*WHAT YOU SHOULD DO:* Give back the full data character for character.

Stored data entries
· · · ·
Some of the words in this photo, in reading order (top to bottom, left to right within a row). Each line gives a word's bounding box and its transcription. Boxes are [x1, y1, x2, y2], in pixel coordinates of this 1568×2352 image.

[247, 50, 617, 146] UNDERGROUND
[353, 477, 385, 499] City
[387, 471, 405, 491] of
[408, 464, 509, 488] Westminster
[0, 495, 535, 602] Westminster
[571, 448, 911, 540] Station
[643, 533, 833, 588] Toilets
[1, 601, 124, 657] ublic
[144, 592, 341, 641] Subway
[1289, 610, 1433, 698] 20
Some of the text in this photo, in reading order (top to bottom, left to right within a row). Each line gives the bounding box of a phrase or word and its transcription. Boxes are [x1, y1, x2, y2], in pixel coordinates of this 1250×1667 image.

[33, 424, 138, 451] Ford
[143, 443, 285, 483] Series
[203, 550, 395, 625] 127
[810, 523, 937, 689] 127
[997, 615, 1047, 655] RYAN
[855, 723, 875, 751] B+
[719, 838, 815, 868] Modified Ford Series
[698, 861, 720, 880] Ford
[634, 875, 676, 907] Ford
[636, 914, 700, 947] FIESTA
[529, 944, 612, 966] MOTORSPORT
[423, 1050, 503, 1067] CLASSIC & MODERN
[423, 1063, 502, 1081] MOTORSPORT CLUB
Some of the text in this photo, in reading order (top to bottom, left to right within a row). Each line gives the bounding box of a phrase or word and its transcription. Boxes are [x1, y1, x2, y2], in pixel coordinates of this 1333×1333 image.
· · · ·
*SOLUTION FOR THIS TASK:*
Some of the words in this photo, in reading order (top to bottom, left to right within a row). Each line gives a word's bounding box and its transcription. Boxes are [x1, y1, x2, y2], in pixel coordinates of this 1568×2352 image.

[247, 50, 617, 146] UNDERGROUND
[353, 477, 385, 499] City
[387, 471, 405, 491] of
[408, 464, 509, 488] Westminster
[0, 495, 535, 602] Westminster
[571, 448, 911, 540] Station
[643, 533, 833, 588] Toilets
[1, 601, 124, 657] ublic
[144, 592, 341, 641] Subway
[1289, 610, 1433, 698] 20
Some of the text in this photo, in reading order (top to bottom, left to right within a row). Each line gives the bounding box of a phrase or word and its transcription. Boxes are [x1, y1, x2, y2], in pixel coordinates of this 1250×1667 image.

[33, 424, 138, 451] Ford
[143, 443, 285, 483] Series
[203, 550, 395, 625] 127
[810, 523, 937, 689] 127
[997, 615, 1047, 655] RYAN
[855, 723, 875, 751] B+
[719, 838, 815, 868] Modified Ford Series
[698, 861, 720, 880] Ford
[634, 875, 676, 907] Ford
[636, 914, 700, 947] FIESTA
[529, 944, 612, 966] MOTORSPORT
[423, 1050, 503, 1067] CLASSIC & MODERN
[423, 1063, 502, 1081] MOTORSPORT CLUB
Some of the text in this photo, in reading order (top to bottom, left to right within a row). Each line gives the bounding box of a phrase or word and its transcription. Boxes are [x1, y1, x2, y2], in pixel coordinates of this 1333×1333 image.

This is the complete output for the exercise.